The side effects I have found the worst are the constant nausea, vommitting, headaches, upset stomach and of course those nightmares. I end up not being able to keep my food down a fair amount of the time and end up in the toilet soon after eating. The nightmares tend to get worse and worse the longer I am with out my antidepressants. I often will wake my partner up with my muffled screaming. Sometimes I have to force myself to stay awake for a bit just to ensure I don’t fall asleep and go back into the nightmare. There was one night I kept falling back to sleep into the same nightmare for a period of about 3 hours.

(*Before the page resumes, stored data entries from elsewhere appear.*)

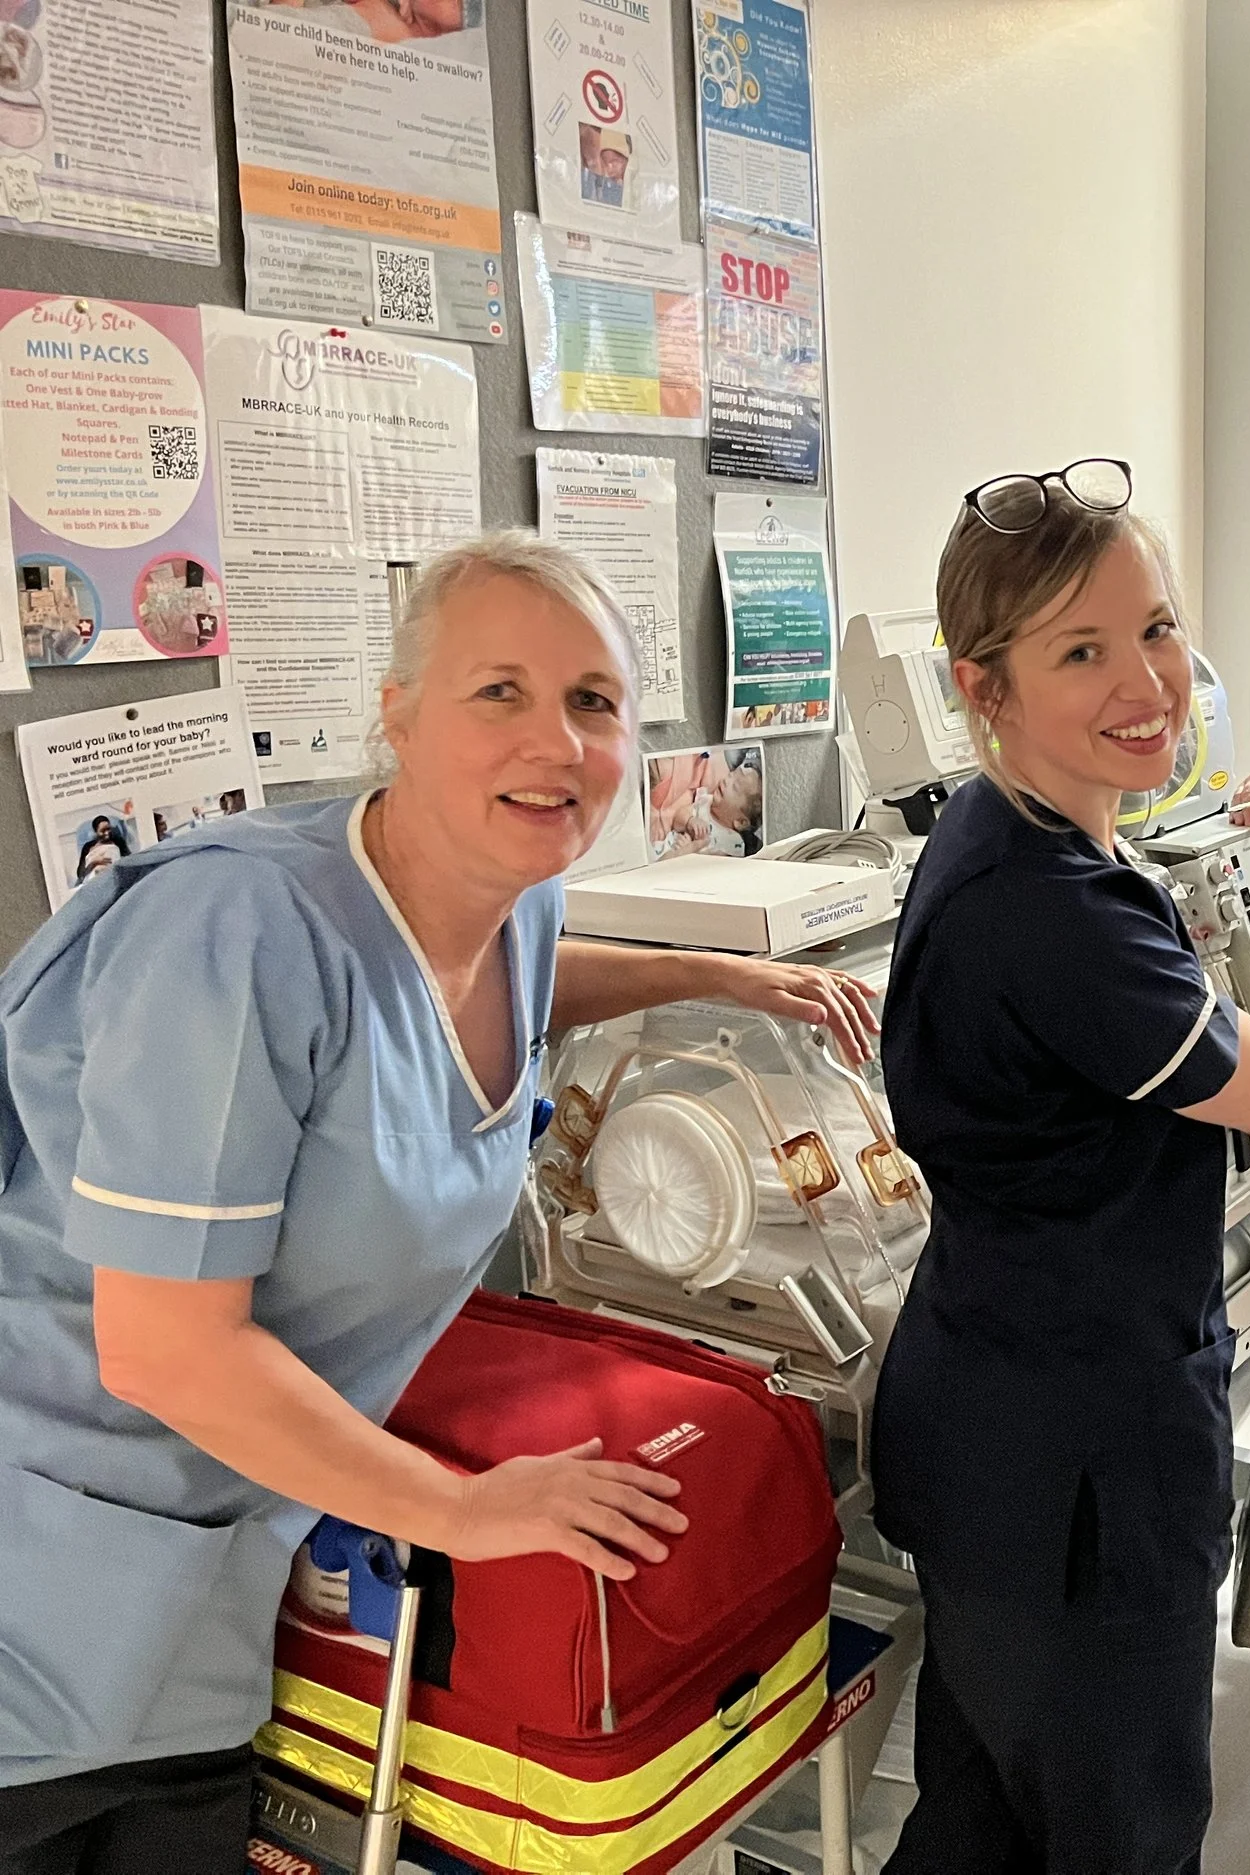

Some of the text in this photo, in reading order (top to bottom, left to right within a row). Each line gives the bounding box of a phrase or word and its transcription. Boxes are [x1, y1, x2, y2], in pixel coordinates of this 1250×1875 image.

[624, 0, 649, 20] TIME
[236, 8, 483, 82] Has your child been born unable to swallow?
[315, 45, 418, 82] We're here to help.
[288, 178, 457, 221] Join online today: tofs.org.uk
[721, 252, 790, 304] STOP
[26, 339, 150, 365] MINI PACKS
[9, 366, 35, 378] Each
[37, 367, 49, 378] of
[50, 371, 70, 380] our
[71, 370, 95, 381] Mini
[97, 372, 127, 383] Packs
[25, 383, 164, 401] One Vest & One Baby-grow
[31, 400, 54, 411] Hat,
[55, 401, 100, 413] Blanket,
[102, 403, 147, 417] Cardigan
[149, 405, 158, 415] &
[159, 406, 199, 420] Bonding
[242, 398, 450, 431] MBRRACE-UK and your Health Records
[76, 417, 121, 430] Squares.
[61, 432, 139, 445] Notepad & Pen
[61, 447, 144, 460] Milestone Cards
[556, 484, 599, 495] EVACUATION
[600, 487, 620, 496] FROM
[47, 507, 90, 517] Available
[74, 521, 97, 530] both
[98, 521, 119, 530] Pink
[130, 521, 150, 530] Blue
[47, 712, 229, 755] Would you like to lead the morning
[71, 728, 211, 765] ward round for your baby?

A couple of nights ago I had the worst nightmare ever. It was so bad I was trapped in it, it was the scarest experience I have ever had in my life. I have never been so scared in my life. I kept tryng to force myself to wake up and eventually succeeded. But it was so traumatic the nightmare, I was fighting my body trying to stay awake and I was convinced that the thinking I was awake was a trap and that I was still in impending danger. I have never experienced sleep parylsis, but what I felt seems possibly like that. I was afraid to move, afraid to talk and even afraid to try wake my partner up. It all felt like a trap. Like I was being tricked into thinking I was awake but they were still out to get me, the people in my nightmare. I legit thought I was going to die in this nightmare and I was convinced it was real and I was going to die. When I was awake, it seemed like I was still partly in REM sleep, as my eyes were doing this weird speedy blinking thing, like that which they do when you are in REM sleep. I had to force myself not to close my eyes. As it felt like my mind was trying to get me back into the nightmare. I know I already said this, but I have never been so scared!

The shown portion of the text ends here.